**MATERIAL FOR THIS EXERCISE**

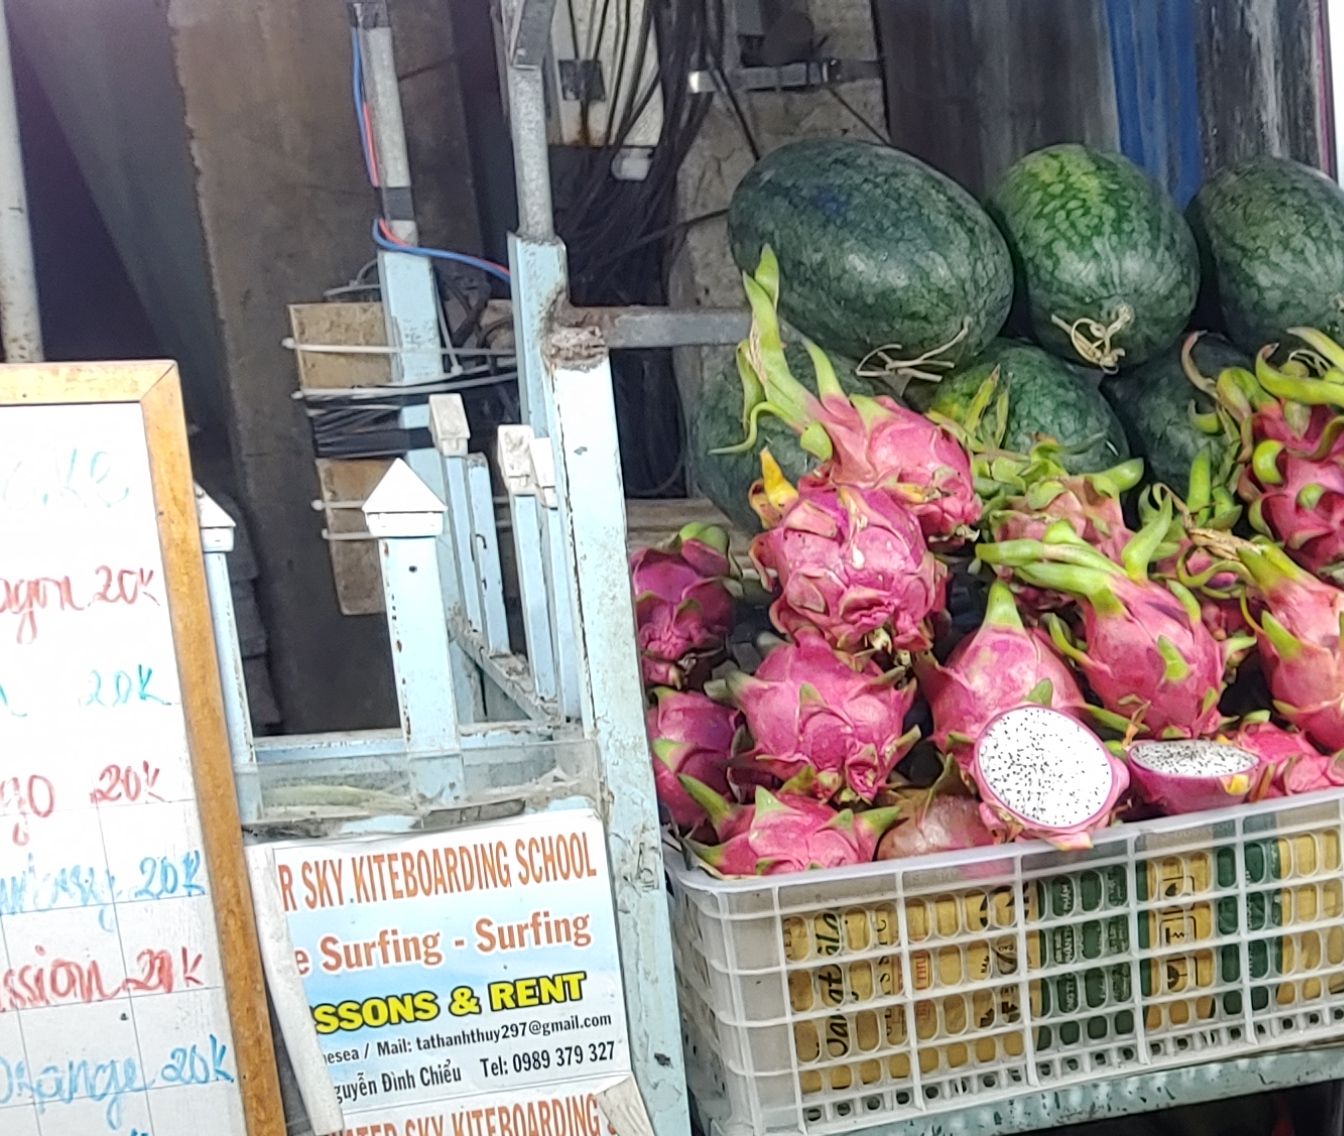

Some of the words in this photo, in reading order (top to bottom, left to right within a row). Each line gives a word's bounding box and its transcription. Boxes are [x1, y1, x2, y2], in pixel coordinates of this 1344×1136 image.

[301, 858, 343, 910] SKY
[353, 838, 512, 904] KITEBOARDING
[514, 831, 597, 886] SCHOOL
[320, 926, 443, 971] Surfing
[475, 911, 592, 954] Surfing
[310, 991, 439, 1034] SSONS
[449, 985, 480, 1017] &
[488, 971, 587, 1012] RENT
[376, 1039, 413, 1059] Mail:
[416, 1012, 613, 1053] tathanhthuy297@gmail.com
[381, 1068, 416, 1094] Đình
[419, 1058, 462, 1087] Chiểu
[479, 1056, 510, 1079] Tel:
[511, 1049, 553, 1075] 0989
[556, 1044, 584, 1069] 379
[587, 1040, 617, 1064] 327
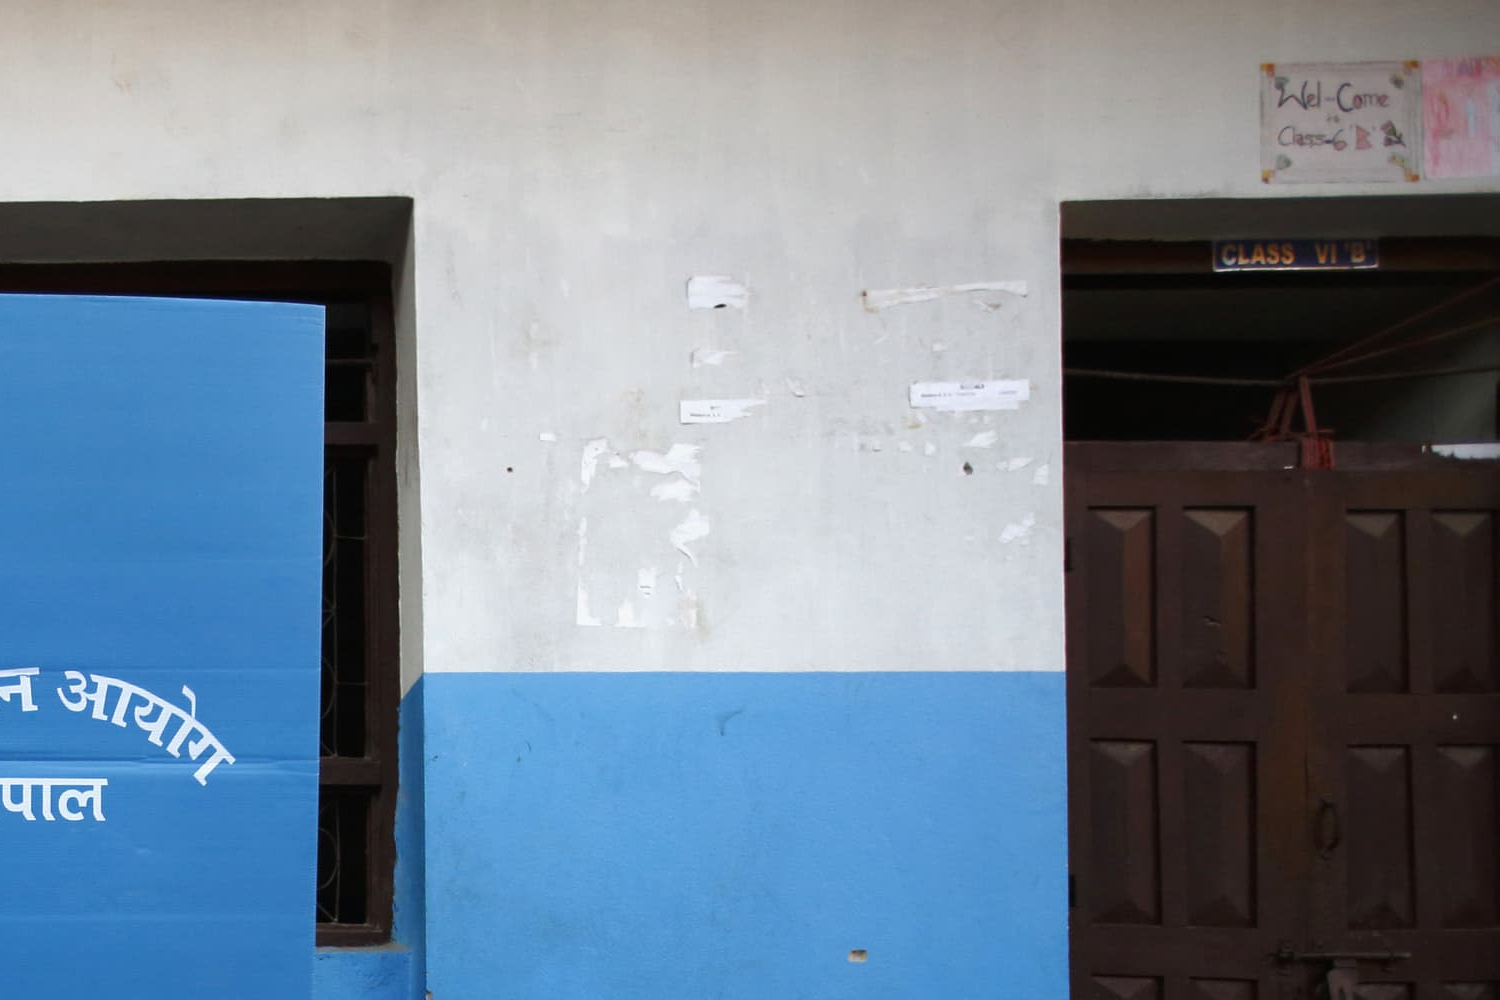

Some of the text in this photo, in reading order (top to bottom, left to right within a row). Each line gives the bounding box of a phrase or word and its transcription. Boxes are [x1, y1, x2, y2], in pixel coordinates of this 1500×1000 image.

[1220, 242, 1296, 266] CLASS
[1315, 241, 1337, 264] VI
[57, 670, 236, 786] आयोग

**TASK INSTRUCTIONS**
Apart from the images, every line above needs to be printed again exactly.

**RESPONSE TO THE TASK**
Some of the words in this photo, in reading order (top to bottom, left to right within a row). Each line gives a word's bounding box and its transcription. Boxes are [x1, y1, x2, y2], in pixel coordinates of this 1344×1136 image.

[301, 858, 343, 910] SKY
[353, 838, 512, 904] KITEBOARDING
[514, 831, 597, 886] SCHOOL
[320, 926, 443, 971] Surfing
[475, 911, 592, 954] Surfing
[310, 991, 439, 1034] SSONS
[449, 985, 480, 1017] &
[488, 971, 587, 1012] RENT
[376, 1039, 413, 1059] Mail:
[416, 1012, 613, 1053] tathanhthuy297@gmail.com
[381, 1068, 416, 1094] Đình
[419, 1058, 462, 1087] Chiểu
[479, 1056, 510, 1079] Tel:
[511, 1049, 553, 1075] 0989
[556, 1044, 584, 1069] 379
[587, 1040, 617, 1064] 327

Some of the text in this photo, in reading order (top to bottom, left to right within a row). Each line gives the bounding box of a phrase or word and its transcription. Boxes are [x1, y1, x2, y2], in pixel coordinates of this 1500×1000 image.

[1220, 242, 1296, 266] CLASS
[1315, 241, 1337, 264] VI
[57, 670, 236, 786] आयोग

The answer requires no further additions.